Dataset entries
··········
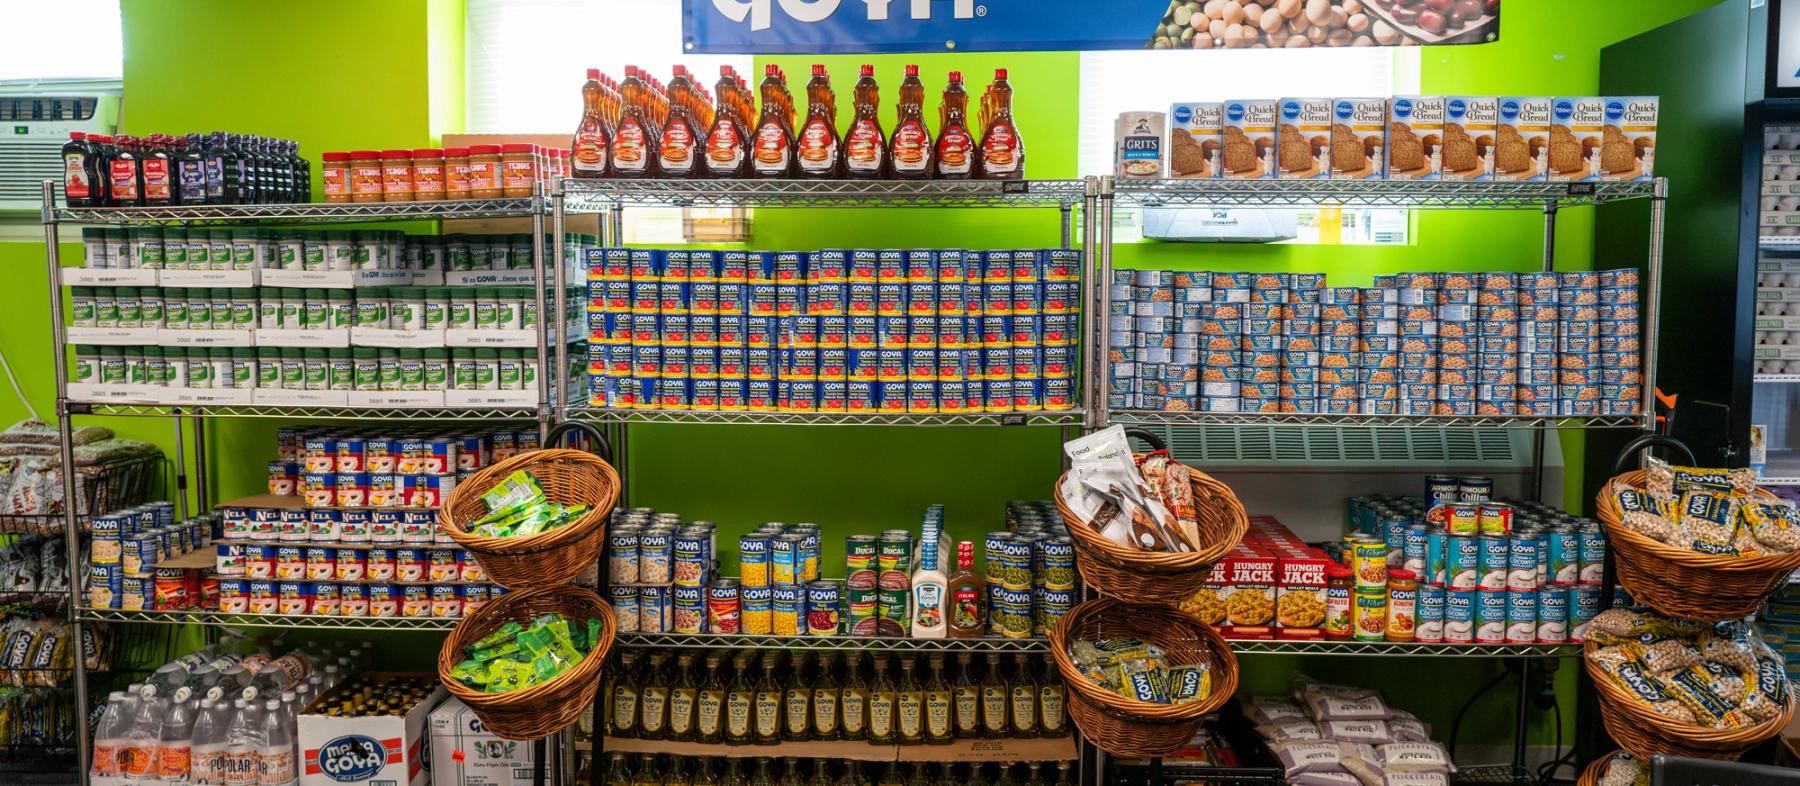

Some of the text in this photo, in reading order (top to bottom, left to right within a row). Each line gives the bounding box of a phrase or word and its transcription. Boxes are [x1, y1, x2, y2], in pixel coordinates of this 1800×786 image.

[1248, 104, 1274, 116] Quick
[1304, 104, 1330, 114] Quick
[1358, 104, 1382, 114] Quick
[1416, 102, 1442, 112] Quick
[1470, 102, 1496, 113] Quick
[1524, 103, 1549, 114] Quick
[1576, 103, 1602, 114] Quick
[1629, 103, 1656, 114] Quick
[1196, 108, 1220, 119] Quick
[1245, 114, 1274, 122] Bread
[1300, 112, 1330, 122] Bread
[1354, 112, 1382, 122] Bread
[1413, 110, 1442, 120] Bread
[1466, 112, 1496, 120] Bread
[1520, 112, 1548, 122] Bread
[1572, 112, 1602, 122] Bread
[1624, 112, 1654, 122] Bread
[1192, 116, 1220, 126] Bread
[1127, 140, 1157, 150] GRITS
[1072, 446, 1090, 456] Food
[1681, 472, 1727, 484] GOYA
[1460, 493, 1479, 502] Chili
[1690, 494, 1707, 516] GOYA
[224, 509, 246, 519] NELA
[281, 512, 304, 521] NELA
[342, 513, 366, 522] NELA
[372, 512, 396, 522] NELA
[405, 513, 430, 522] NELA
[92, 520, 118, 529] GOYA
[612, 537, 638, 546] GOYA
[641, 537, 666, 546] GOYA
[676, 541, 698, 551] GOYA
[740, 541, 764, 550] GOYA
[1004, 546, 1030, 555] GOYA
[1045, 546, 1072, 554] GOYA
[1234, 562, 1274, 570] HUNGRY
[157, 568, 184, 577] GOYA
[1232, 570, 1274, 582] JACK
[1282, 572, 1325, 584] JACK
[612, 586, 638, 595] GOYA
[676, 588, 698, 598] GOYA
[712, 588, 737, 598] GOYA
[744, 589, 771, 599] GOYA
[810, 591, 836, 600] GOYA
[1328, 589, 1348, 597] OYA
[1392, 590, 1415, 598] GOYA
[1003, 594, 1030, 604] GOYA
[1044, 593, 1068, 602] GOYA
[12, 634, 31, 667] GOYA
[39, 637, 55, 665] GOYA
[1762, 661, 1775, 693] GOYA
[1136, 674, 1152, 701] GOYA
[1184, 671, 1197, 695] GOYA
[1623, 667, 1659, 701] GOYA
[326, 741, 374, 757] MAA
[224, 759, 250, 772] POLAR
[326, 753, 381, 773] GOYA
··········
▶ [Task to carry out]:
Write out each line above containing "Bread".

▶ [Answer to the problem]:
[1245, 114, 1274, 122] Bread
[1300, 112, 1330, 122] Bread
[1354, 112, 1382, 122] Bread
[1413, 110, 1442, 120] Bread
[1466, 112, 1496, 120] Bread
[1520, 112, 1548, 122] Bread
[1572, 112, 1602, 122] Bread
[1624, 112, 1654, 122] Bread
[1192, 116, 1220, 126] Bread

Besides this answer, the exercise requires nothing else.